Análise de comportamento do público, vendas e engajamento passa a influenciar desde o planejamento e a definição de formatos até a gestão de riscos e a avaliação de retorno econômico no setor.
O mercado de eventos no Brasil cresce em escala e complexidade. O país figura entre os maiores mercados globais de entretenimento ao vivo em volume de ingressos vendidos e o setor movimenta mais de R$ 300 bilhões por ano, segundo estimativas da ABEOC e do Sebrae, o equivalente a cerca de 4,3% do PIB nacional. Nesse contexto, produzir eventos deixou de ser apenas uma questão de experiência e repertório. Decisões estratégicas passam, cada vez mais, a ser orientadas por dados.
Um evento começa muito antes do palco ser montado e não termina quando o público vai embora. Ao longo de todo o processo, informações são geradas de forma contínua, desde acessos a páginas, comportamento de navegação e respostas a campanhas até histórico de compra de ingressos, padrões de engajamento e interações durante a experiência ao vivo. Esse conjunto de dados vem alterando a forma como formatos, horários, estruturas, capacidade e comunicação são definidos.
A lógica aproxima o setor de eventos de áreas como e-commerce, streaming e marketing digital, onde decisões são sustentadas por métricas, modelos de previsão e leitura constante do comportamento do usuário. No universo dos eventos, essa abordagem começa a substituir escolhas baseadas apenas em intuição por análises mais objetivas, com impacto direto na previsibilidade financeira e na redução de riscos.
Antes mesmo da abertura das vendas, dados de navegação e campanhas digitais ajudam a identificar perfis de público, entender quais canais concentram maior interesse e apontar o momento mais eficiente para lançar ingressos e ações promocionais. O planejamento deixa de ser estático e passa a ser ajustado ao longo do tempo, conforme novas informações são incorporadas.
A venda de ingressos também ganhou outro papel. Plataformas especializadas passaram a concentrar dados sobre demanda, recorrência, resposta a preços e comportamento do consumidor, tornando-se um ponto central de leitura do evento. Essas informações ajudam produtores a antecipar cenários, ajustar estratégias e tomar decisões mais consistentes do ponto de vista financeiro.

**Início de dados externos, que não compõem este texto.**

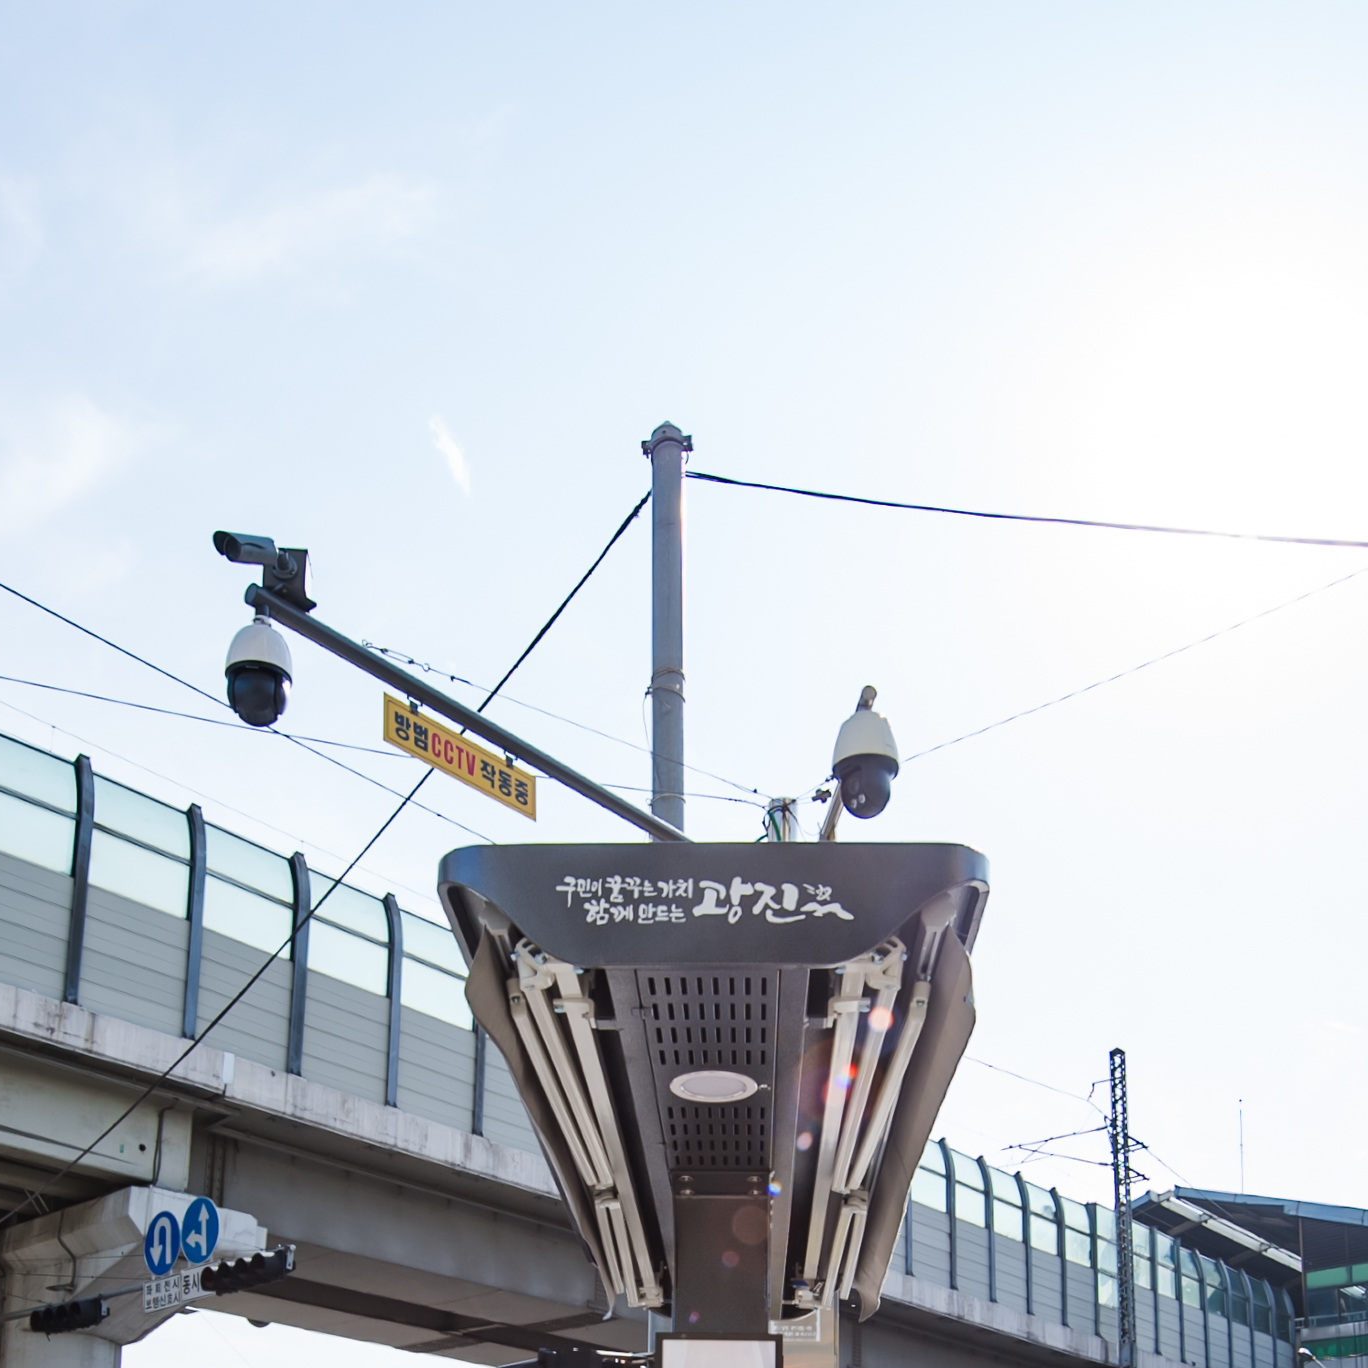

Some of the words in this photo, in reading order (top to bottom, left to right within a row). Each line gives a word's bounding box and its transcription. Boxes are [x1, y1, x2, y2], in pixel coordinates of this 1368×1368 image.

[480, 759, 529, 806] 작동중
[555, 875, 603, 907] 구민이
[605, 874, 657, 903] 꿈꾸는
[657, 877, 694, 900] 가치
[692, 875, 807, 925] 광진
[583, 898, 634, 926] 함께
[637, 902, 687, 924] 만드는
[182, 1271, 200, 1296] 동시

Segundo Lucas Miranda, CEO da Byma, o ingresso passou a ocupar uma função estratégica no ecossistema do evento. “Ele conecta intenção, comportamento e conversão. Quando analisado de forma estruturada, oferece sinais claros sobre o que funciona, para quem e em qual contexto”, afirma.
Durante o evento, os dados continuam circulando. Check-ins automatizados, aplicativos de engajamento e interações ao vivo permitem ajustes operacionais em tempo real, desde fluxos de público até comunicação e ativações no local. A produção deixa de ser apenas execução e passa a operar com leitura contínua do que acontece no ambiente.

No pós-evento, o cruzamento dessas informações permite avaliar retorno financeiro, engajamento e potencial de recorrência. Mais do que um balanço, os dados se tornam insumo para decisões futuras, alimentando um ciclo de aprendizado que influencia novos projetos.
“O uso de dados não elimina a experiência nem a sensibilidade de quem produz eventos, mas muda o peso das decisões. O que antes era definido majoritariamente por intuição hoje pode ser testado, medido e ajustado. Isso traz mais previsibilidade financeira e permite que o setor amadureça como negócio”, afirma Lucas Miranda, CEO da Byma.